Pemakaian styrofoam untuk mengemas makanan sebenarnya tidak lazim. Kecuali untuk bahan mentah, seperti telur, daging, sayur atau buah. Itu pun biasanya cuma terbatas sebagai tatakan. Penggunaan styrofoam yang paling lazim adalah untuk bahan pelindung dan penahan getaran bagi barang-barang yang fragile, seperti barang elektronik.

Yang pasti, sebagaimana telah dijelaskan, baik monomernya (stirena) maupun aditif utama styrofoam (DOP dan butadiena) sama-sama mudah bermigrasi dan berbahaya.

Banjir dumping

Lalu, mengapa belakangan styrofoam justru banyak dipakai sebagai pengemas  makanan? Jawabannya tentunya sudah jelas. Plastik jenis ini di negara maju makin tidak populer, karena bahayanya. Selain itu, sebagai masalah kedua, proses pembuatannya melibatkan gas CFC. 

Gas buatan yang dikembangkan oleh Perusahaan General Motors pada tahun 1930-an ini semula dikenal sangat baik. Sifatnya tidak beracun, tidak mudah terbakar dan sangat stabil. Pemakaiannya menjadi begitu luas terutama untuk pengisi alat pendingin, yang kita kenal dengan merek dagang freon, dan untuk gas pendorong pada aerosol seperti hairspray, obat nyamuk semprot, parfum, dan sebagainya. Selain itu, juga digunakan sebagai bahan peniup pada pembuatan styrofoam.

Belakangan diketahui, CFC - karena begitu stabilnya - baru terurai sekitar 65 - 130 tahun.

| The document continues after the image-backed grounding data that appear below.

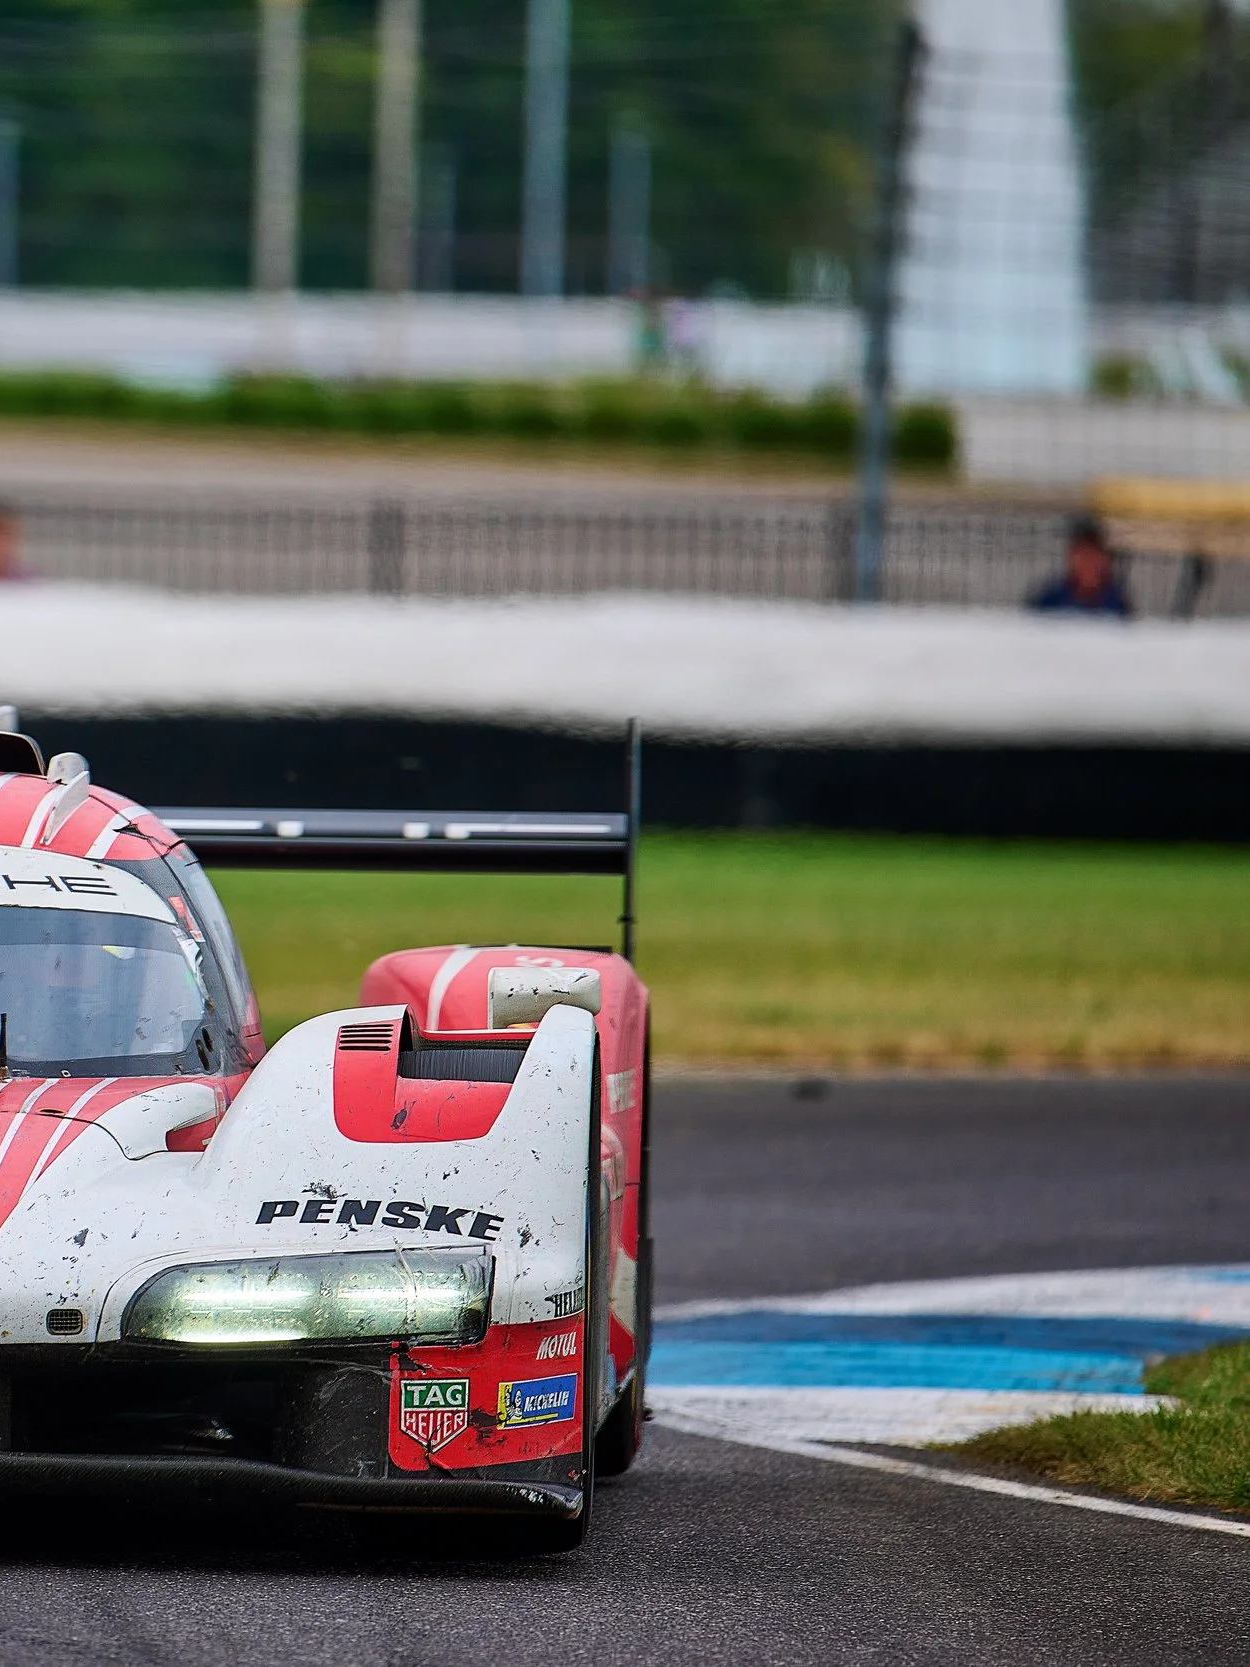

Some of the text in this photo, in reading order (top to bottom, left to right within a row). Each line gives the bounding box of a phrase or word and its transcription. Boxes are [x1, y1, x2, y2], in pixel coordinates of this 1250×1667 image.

[255, 1199, 505, 1241] PENSKE
[536, 1332, 577, 1361] MOTUL
[406, 1384, 463, 1406] TAG
[523, 1390, 570, 1413] MICHELIN
[405, 1411, 464, 1444] HEUER

Gas ini akan melayang di udara, mencapai lapisan ozon di atmosfer , sampai bisa menjebolkan lapisan ozon. Akibat jebolnya lapisan ozon suhu bumi meningkat, yang disebut efek rumah kaca. Sinar ultraviolet dari matahari  akan terus menembus bumi. Sehingga timbullah kanker kulit.

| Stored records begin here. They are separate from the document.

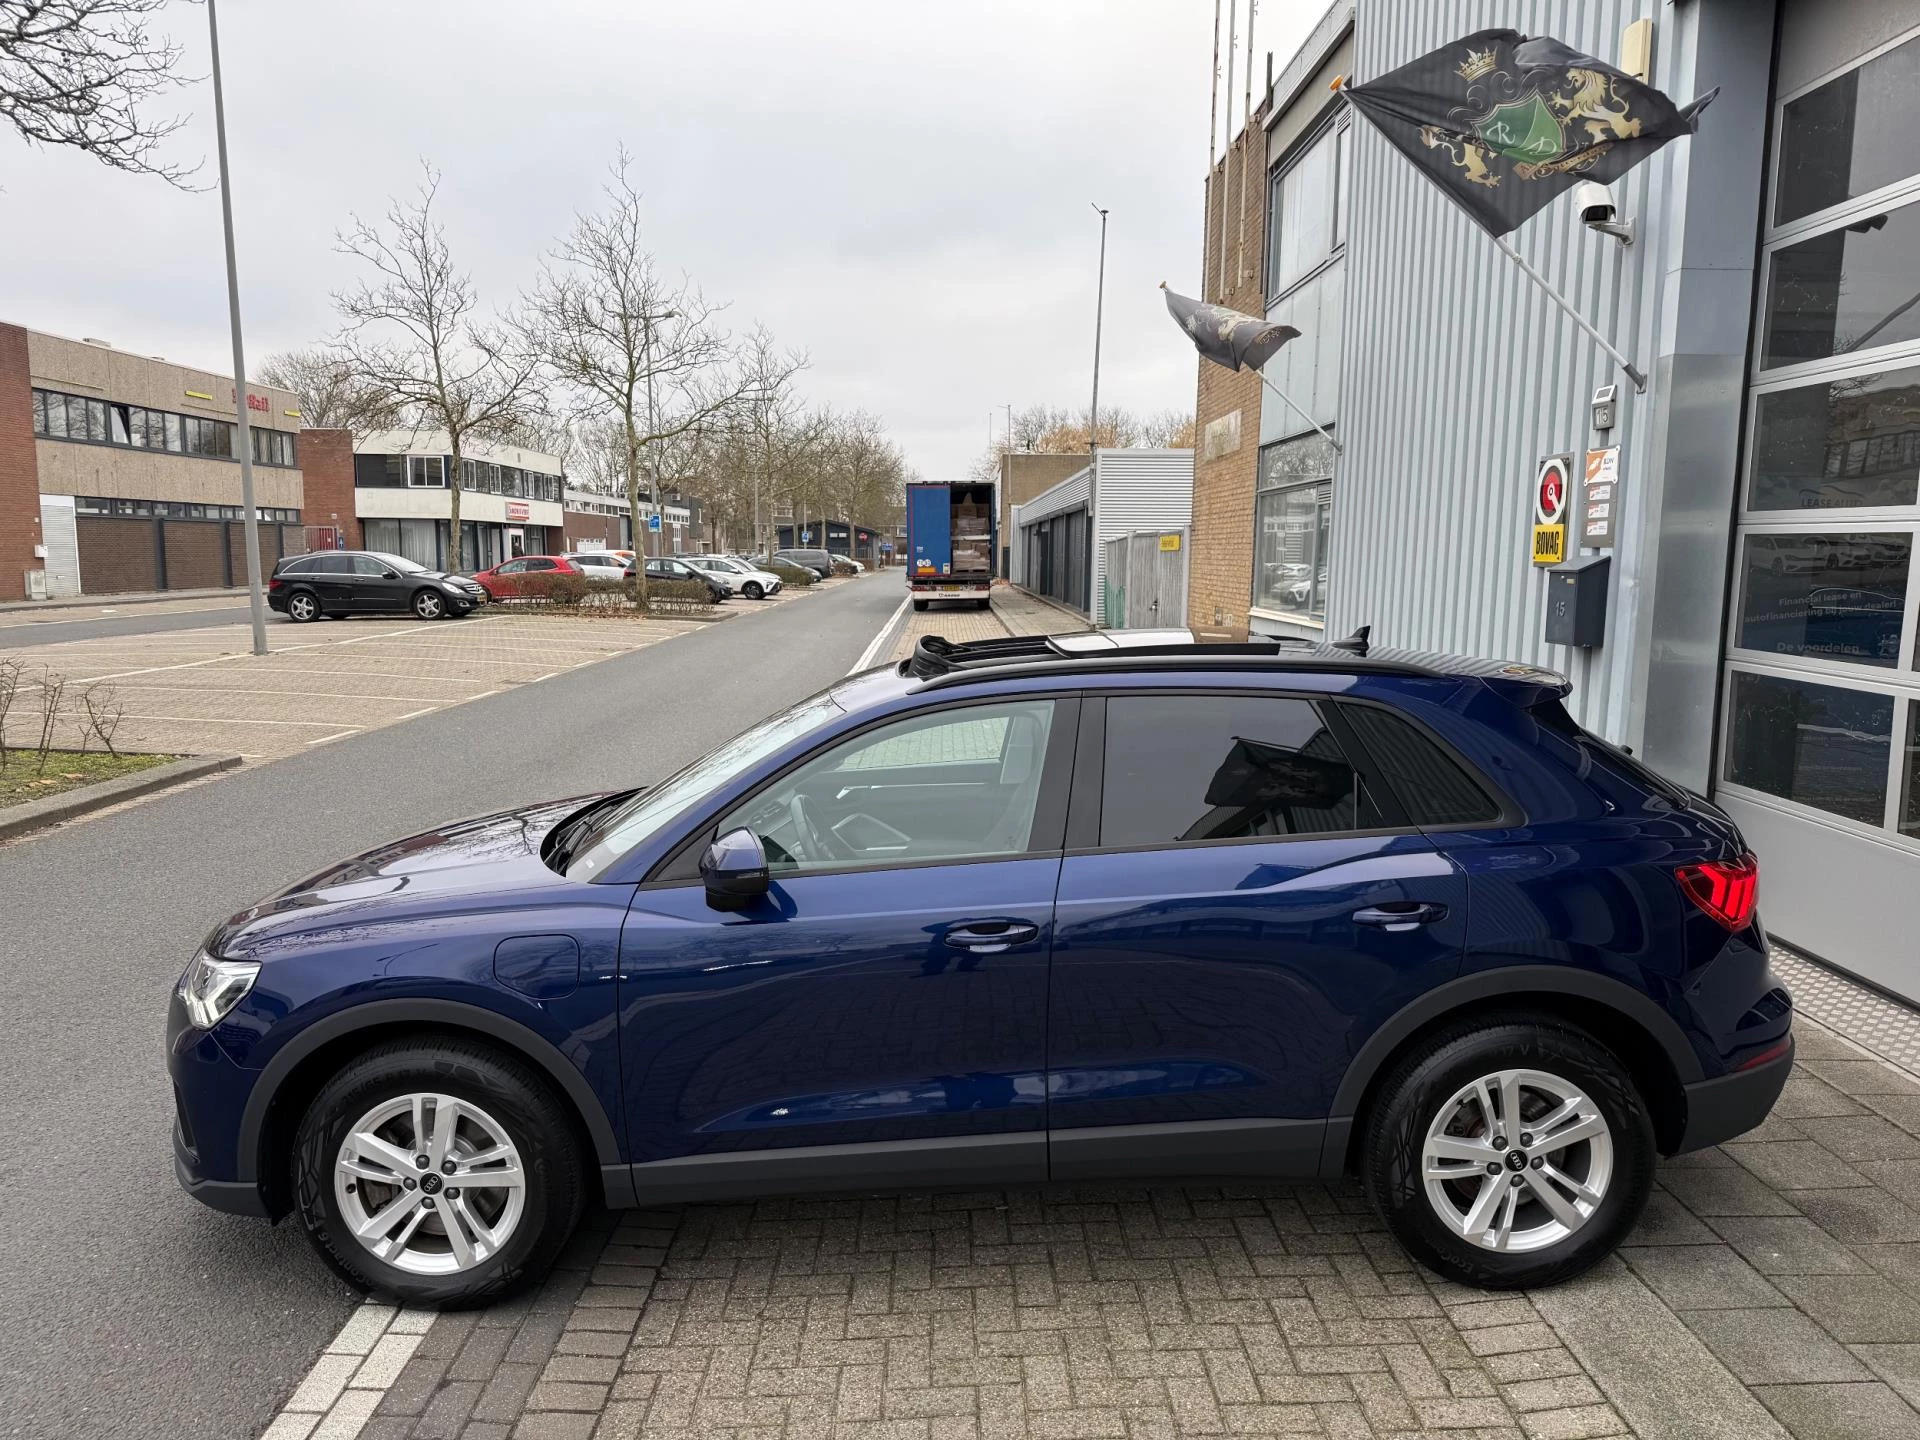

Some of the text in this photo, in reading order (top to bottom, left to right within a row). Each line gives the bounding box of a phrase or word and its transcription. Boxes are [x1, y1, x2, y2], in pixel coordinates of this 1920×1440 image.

[1487, 121, 1517, 145] R
[1595, 406, 1609, 424] 15
[1801, 496, 1832, 508] LEASE
[1535, 529, 1560, 556] BOVAG
[1778, 591, 1862, 607] Financial lease en
[1555, 601, 1566, 618] 15
[1744, 608, 1823, 624] autofinanciering
[1777, 642, 1860, 654] De voordelen

Bahaya yang ditimbulkannya sudah sangat mengkhawatirkan umat manusia. karena itu, pada tahun 1987 negara-negara industri bersepakat lewat Protokol Montreal, untuk mengendalikan pemakaian gas CFC hanya sampai 50%-nya pada tahun 2000.

Tapi, kesepakatan ini pun direvisi pada tahun 1990 di London dengan isi lebih ketat. Antara lain ditegaskan: seluruh produksi CFC harus dihentikan pada tahun 1995. Ini berarti semua teknologi atau produksi yang menggunakan CFC  akan segera menjadi kadaluwarsa!

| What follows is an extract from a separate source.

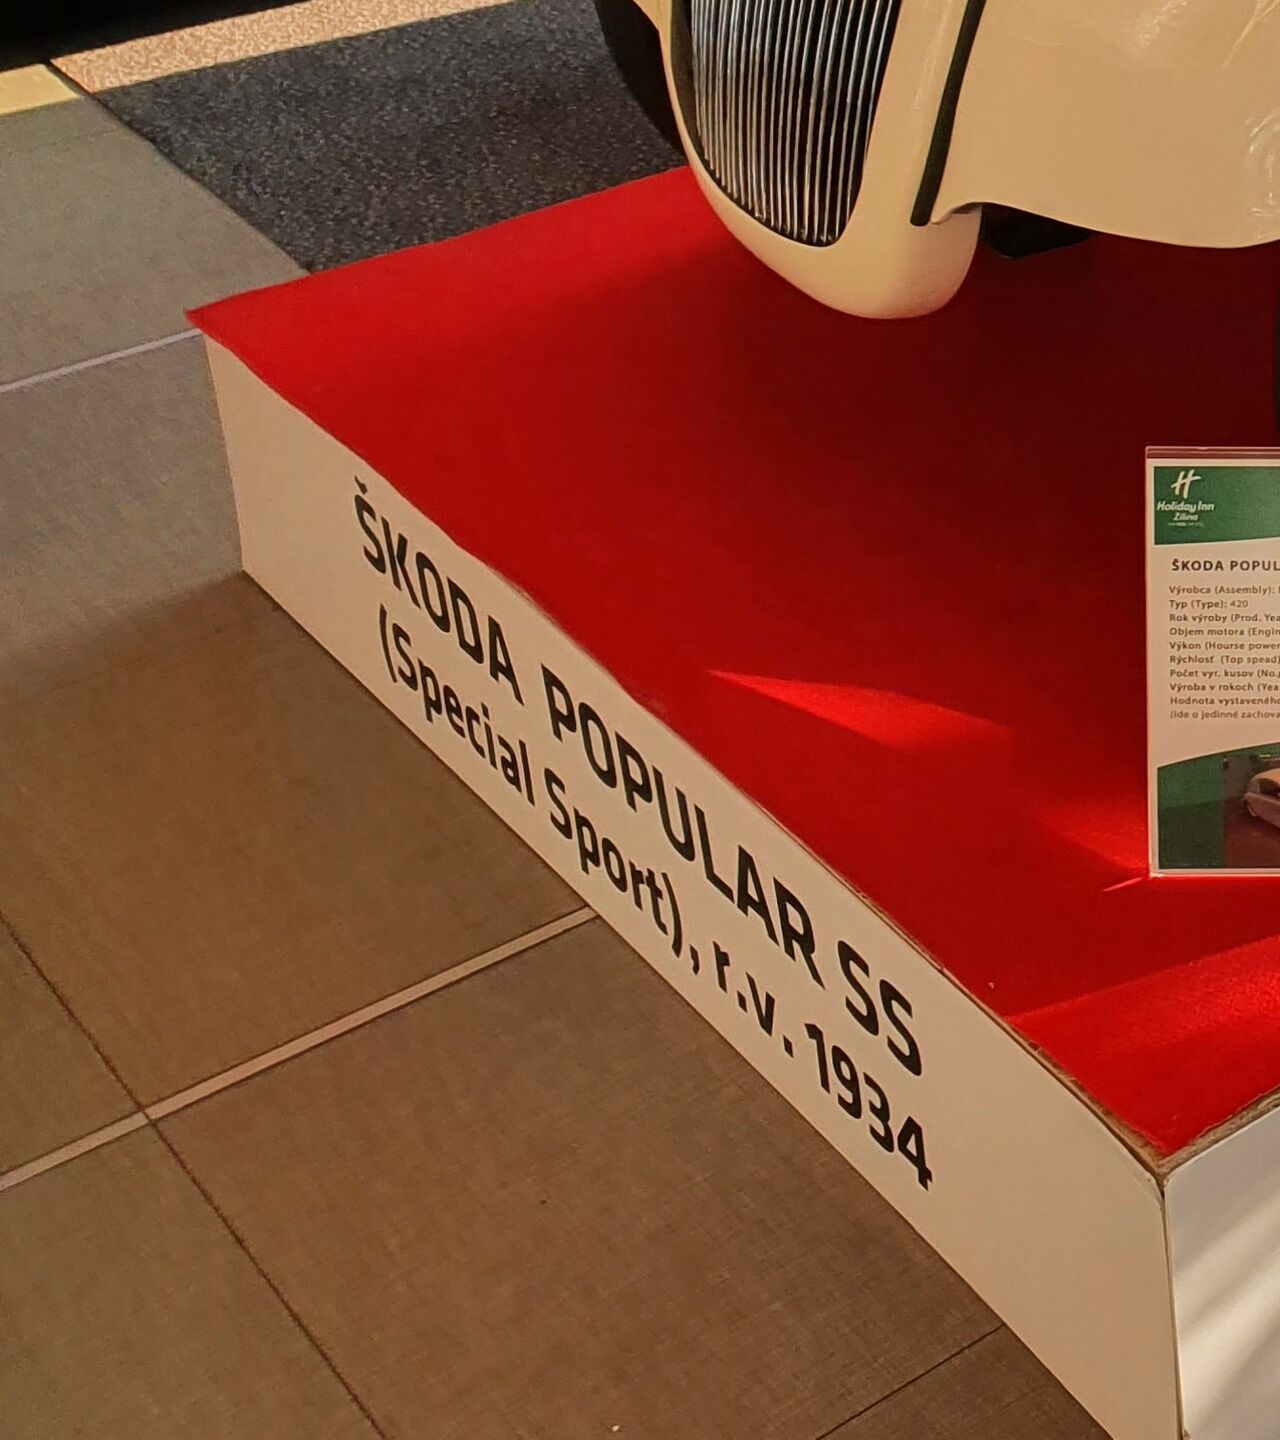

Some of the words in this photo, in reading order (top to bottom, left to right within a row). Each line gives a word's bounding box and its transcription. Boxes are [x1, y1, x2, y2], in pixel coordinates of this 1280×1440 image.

Jadi mudah dimengerti, mengapa di negara maju plastik busa makin tidak populer, sementara dinegara berkembang justru makin digunakan. Ini akibat dumping. Negara-negara industri, yang masyarakatnya sudah maju, tidak mau menanggung risiko. Baik terhadap keamanan konsumen, kelestarian lingkungan, dan -tentu saja- kelanggengan bisnis mereka. Relokasi industri yang kedaluwarsa ini ke negara lain yang kurang maju menjadi satu-satunya cara untuk meniadakan semua risiko itu.

Maka dari itu, pemakaian dan produksi styrofoam di negeri kita jelas-jelas merupakan tindakan kurang baik. Karena itu, kalau Anda membeli makanan atau minuman berwadah styrofoam, mintalah pedagang menggantinya dengan  yang non-stryrofoam.